Joseph sat up with a yawn, stretching his arms—his eyes half-lidded. He sat there silently for a moment, trying to wake himself up, but found himself wanting to crawl back into bed. A knock on his door shook the sleep from his eyes and jolted his body awake, however.
One of the Erulanites opened the door—the daughter of the House he served by the name of Maru’Chi. Maru’Chi stepped inside and gazed upon Joseph with her four enigmatic, blue eyes. She looked like most Eurlanites did; she had orange, slippery skin, an enlarged cranium had tentacles protruding from it, sallow cheeks, and a pointed jaw. Instead of legs, she had tentacles, but the rest of her looked humanoid. Joseph had heard most humans refer to Erulanites as ugly, aggressive, and unlikable, but he found that he didn’t have many opinions on them.
“Good morning.” Joseph said ineffectually.
“Get up. You’re at Sector C today.” Maru’Chi said bluntly. “We expect you back at home by six to keep us safe from night marauders.”
Joseph nodded wordlessly. Maru’Chi left the room after giving her orders. Joseph headed to his closet and didn’t need to take time to choose what he was going to wear, because all of his options were the same; it was the uniform worn by all of the Praetorian Guards. A simple, blue, dress shirt and black slacks, a bullet-proof vest, and a long, red coat cloaking him down to his knees with a badge attached with his name stitched into it. Joseph stifled another yawn as he padded across his white-carpeted floor and into the adjoining bathroom. He took no time to try and wake himself up; both because he was on a time crunch and would be punished if he were late, and because he had no reason to take his time.
He was used to a routine that he had been comfortable with since he was old enough to remember. Get up, patrol the city, incarcerate disturbers of the peace, go back to his owner’s household, eat, and then finally, sleep, only to do it all again the next day.

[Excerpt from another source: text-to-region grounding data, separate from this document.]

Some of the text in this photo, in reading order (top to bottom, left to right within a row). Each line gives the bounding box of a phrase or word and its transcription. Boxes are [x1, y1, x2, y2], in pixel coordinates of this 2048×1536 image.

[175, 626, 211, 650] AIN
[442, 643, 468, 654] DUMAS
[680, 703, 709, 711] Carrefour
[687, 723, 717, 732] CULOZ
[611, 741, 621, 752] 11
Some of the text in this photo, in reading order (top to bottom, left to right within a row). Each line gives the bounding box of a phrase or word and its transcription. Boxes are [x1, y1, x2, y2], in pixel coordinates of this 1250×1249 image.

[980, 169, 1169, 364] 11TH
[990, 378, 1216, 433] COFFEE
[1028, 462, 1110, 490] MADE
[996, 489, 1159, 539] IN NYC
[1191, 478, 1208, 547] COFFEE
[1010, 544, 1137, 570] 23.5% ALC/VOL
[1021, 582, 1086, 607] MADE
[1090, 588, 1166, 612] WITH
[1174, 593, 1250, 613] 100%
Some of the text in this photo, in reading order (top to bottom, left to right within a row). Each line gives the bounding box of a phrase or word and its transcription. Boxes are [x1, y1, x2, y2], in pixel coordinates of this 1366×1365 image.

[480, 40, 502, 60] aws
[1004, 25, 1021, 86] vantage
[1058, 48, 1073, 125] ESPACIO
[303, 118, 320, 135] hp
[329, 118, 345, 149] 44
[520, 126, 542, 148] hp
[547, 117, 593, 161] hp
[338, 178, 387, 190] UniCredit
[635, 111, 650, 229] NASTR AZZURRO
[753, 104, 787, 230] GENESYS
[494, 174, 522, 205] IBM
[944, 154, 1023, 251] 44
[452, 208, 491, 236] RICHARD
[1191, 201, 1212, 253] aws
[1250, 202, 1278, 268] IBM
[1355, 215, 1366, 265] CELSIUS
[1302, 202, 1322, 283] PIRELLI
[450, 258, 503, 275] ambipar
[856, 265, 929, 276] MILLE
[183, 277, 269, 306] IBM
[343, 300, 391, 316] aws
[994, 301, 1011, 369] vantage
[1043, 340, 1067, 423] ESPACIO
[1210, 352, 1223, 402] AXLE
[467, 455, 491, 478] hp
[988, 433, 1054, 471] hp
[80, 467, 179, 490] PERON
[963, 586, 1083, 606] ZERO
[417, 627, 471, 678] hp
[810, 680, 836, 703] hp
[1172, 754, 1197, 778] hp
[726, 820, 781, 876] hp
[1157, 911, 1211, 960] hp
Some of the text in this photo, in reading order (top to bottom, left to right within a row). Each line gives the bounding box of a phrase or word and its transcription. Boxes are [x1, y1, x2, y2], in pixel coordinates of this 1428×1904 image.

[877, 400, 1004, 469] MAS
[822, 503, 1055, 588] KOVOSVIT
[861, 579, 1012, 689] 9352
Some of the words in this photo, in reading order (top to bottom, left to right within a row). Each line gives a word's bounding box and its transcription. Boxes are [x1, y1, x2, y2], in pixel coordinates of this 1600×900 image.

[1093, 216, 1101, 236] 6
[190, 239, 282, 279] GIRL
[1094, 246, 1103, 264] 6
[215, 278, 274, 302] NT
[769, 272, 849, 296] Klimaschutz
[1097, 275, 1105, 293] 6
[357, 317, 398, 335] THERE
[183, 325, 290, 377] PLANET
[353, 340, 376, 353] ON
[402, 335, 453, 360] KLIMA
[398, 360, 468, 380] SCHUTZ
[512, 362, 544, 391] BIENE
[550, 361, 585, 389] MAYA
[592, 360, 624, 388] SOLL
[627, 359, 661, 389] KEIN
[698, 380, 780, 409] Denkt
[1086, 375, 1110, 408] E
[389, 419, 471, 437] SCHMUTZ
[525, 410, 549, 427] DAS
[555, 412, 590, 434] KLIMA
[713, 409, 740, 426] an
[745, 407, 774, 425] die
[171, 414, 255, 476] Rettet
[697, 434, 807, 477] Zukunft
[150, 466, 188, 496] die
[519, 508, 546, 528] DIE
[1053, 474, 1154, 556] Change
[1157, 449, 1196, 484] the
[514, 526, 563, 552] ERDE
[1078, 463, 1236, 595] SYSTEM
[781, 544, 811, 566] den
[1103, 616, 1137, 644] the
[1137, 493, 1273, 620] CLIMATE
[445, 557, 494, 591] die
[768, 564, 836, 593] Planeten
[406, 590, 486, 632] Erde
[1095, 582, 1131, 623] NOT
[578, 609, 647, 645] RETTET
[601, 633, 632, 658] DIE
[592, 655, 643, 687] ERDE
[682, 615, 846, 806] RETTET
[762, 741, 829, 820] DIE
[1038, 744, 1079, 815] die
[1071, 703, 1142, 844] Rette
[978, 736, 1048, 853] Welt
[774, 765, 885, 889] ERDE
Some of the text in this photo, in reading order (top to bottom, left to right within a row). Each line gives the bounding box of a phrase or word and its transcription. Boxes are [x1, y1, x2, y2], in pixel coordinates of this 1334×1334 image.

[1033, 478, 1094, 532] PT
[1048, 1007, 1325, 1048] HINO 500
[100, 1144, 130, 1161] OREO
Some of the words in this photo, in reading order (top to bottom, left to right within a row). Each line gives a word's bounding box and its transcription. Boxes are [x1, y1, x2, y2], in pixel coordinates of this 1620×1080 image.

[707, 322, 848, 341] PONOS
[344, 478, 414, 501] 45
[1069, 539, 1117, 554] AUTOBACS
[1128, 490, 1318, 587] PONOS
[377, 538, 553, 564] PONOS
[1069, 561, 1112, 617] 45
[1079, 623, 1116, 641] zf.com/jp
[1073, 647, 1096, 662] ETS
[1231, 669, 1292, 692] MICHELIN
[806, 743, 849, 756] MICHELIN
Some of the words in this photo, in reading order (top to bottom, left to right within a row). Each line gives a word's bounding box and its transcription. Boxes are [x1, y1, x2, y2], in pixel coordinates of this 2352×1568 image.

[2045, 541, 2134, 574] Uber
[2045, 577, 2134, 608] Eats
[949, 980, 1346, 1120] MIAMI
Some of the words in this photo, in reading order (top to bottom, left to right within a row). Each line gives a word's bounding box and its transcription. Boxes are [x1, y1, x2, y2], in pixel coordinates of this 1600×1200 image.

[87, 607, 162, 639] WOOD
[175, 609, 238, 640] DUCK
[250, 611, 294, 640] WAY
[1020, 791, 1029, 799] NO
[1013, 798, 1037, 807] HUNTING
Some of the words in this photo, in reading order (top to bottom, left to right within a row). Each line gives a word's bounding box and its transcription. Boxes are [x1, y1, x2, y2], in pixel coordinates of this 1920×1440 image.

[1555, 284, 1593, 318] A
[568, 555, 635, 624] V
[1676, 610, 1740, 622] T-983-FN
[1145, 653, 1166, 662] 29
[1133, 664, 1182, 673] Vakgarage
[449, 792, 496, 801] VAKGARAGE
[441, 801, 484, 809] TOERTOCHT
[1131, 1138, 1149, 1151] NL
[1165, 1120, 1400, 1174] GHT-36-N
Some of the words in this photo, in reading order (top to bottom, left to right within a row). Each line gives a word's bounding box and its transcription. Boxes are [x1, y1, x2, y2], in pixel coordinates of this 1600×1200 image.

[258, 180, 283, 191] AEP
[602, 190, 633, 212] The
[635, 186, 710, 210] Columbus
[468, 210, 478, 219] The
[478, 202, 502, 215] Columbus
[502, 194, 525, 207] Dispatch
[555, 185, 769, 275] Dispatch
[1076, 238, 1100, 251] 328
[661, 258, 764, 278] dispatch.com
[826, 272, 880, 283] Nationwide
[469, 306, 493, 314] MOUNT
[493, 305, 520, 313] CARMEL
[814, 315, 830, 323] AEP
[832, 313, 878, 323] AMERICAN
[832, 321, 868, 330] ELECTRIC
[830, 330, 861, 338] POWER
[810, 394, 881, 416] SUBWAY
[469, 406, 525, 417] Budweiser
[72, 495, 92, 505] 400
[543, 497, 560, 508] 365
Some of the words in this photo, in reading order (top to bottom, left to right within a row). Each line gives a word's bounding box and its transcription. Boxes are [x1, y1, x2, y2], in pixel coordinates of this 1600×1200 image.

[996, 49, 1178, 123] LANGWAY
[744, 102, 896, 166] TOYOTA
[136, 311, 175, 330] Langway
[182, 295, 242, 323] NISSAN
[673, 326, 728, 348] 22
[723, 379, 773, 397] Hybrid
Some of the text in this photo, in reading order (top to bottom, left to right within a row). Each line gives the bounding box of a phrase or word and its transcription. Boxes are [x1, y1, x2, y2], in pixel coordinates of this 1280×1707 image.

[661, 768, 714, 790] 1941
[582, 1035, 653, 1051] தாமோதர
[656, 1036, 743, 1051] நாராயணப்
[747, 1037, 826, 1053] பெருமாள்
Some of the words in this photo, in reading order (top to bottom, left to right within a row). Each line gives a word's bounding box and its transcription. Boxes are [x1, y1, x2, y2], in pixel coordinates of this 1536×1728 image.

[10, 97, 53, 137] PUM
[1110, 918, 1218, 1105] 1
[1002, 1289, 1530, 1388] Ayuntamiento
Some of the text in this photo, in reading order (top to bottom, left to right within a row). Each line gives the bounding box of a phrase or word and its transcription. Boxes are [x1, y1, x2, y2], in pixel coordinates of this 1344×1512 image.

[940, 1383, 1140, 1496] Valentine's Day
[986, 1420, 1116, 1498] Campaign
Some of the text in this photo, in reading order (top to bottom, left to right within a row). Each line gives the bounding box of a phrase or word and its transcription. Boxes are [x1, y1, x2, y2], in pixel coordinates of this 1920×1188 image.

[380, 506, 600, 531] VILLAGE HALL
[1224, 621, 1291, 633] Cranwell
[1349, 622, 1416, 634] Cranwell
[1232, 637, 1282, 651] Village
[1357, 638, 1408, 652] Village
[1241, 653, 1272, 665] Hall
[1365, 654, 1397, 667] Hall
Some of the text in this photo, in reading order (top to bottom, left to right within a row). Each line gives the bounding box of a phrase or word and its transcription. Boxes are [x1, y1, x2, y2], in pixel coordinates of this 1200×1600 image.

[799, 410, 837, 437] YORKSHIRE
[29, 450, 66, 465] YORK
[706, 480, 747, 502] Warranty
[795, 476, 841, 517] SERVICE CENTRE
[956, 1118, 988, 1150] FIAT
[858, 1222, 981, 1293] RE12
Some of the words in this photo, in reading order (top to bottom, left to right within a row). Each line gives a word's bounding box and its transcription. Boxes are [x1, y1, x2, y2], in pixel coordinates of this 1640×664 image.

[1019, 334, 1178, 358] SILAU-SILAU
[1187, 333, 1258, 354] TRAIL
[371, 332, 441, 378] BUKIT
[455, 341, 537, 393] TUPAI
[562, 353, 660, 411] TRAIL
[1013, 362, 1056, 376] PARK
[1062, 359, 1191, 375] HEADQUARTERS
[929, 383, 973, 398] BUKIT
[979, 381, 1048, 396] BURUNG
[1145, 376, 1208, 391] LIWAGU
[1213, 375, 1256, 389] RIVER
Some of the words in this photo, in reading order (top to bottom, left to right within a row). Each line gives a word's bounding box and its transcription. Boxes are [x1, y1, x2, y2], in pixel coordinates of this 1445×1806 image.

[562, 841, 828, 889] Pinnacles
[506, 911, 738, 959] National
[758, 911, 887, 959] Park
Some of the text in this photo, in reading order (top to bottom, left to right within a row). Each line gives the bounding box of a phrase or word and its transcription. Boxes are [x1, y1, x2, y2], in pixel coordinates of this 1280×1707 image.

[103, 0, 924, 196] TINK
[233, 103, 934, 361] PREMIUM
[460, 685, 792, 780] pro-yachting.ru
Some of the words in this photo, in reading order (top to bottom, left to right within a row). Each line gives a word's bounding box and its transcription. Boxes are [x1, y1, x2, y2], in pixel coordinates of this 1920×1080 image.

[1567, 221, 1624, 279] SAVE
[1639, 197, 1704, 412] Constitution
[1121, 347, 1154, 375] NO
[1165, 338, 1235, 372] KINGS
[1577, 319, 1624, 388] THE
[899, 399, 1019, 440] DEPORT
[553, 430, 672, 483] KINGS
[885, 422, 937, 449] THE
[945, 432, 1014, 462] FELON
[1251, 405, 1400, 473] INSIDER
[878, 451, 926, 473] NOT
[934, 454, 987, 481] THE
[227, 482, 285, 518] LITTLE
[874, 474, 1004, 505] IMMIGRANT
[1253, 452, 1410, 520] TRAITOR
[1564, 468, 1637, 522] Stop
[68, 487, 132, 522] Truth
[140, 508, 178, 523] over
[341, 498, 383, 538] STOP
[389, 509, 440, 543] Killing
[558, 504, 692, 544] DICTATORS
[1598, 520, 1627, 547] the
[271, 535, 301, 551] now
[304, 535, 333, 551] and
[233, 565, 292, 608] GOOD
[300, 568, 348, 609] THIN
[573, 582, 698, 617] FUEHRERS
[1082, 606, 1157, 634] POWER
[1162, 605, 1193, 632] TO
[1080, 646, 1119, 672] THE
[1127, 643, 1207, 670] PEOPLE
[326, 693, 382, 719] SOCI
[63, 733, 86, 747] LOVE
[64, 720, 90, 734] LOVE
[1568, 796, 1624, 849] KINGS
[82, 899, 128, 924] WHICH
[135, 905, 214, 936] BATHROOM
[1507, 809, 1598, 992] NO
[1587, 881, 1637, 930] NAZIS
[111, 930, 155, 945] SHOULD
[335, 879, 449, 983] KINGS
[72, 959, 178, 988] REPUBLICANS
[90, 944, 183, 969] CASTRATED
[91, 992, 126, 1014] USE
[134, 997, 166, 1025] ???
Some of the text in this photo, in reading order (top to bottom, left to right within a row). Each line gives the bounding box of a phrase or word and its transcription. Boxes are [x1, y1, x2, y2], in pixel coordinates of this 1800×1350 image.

Joseph turned on the water and let it spray him, washing off the dirt and grime of the previous day. He didn’t blink as he let the water douse his face, despite the fact that his eyes stung a bit from the direct contact. He stood there, immovable for a moment, enjoying the sensation for a reason he couldn’t pinpoint. After that moment was over, he rubbed his body down with soap and then scrubbed his hair with shampoo and conditioner from the shower caddy. Upon squirting the shampoo into his hand, he stared at the purple substance curiously. He blinked at it, wearing a neutral face. Afterward, he dabbed his pinky into it and, in turn, rubbed the shampoo into his eye.
It stung far worse than the water did, but he didn’t scream or curse. He shrugged to himself, and then he turned the faucet in the shower to cold instead of hot.
The shock of it was so surprising that he jumped. He breathed harshly, and decided to keep the water cool the rest of the time he was in there. It helped wake him up.
After he was done showering, he got dressed and then left his room. Outside, he brushed passed the other human staff in the house who were bustling past him. He knew some of them by name, but most of them were just nameless faces. His feet were padding across an impeccably soft, white carpet that Maru’Chi had told him was made of rabbit fur, and on either side of him, he was careful to make sure that his shoulders didn’t graze—or knock over—the expensive vases sitting on specially designed tables that were made to be fashionable and not functional.
“Look at that new portrait of Mistress Maru’Chi,” Joseph heard a human slave murmur. “If she weren’t so ugly, the painting would be gorgeous.”
Joseph looked in the direction of the voices and followed their gazes to the new portrait. He didn’t know whether the painting was well done or not, so all he could think was, it really does look like her.
After that, he continued on his way. He marched downstairs where the family he served was having breakfast. Maru’Chi, her mother, and her father, were gathered around a table eating seafood. Next to the table was a fish tank that was big enough to house all three of the Erulanites. Joseph had heard other slaves in the household talking about the fish tank once, and they said that the noble family commissioned it so they could eat inside of it every now and again and be reminded of home.
He didn’t know why, but the thought made a smile twitch at the tips of his lips. Joseph wordlessly bowed to the family, and in return, Maru’Chi’s father—K’Altrin—nodded his head. “We’ll see you at six, Joseph. Be careful out there.”
Joseph nodded in return and then headed out the door.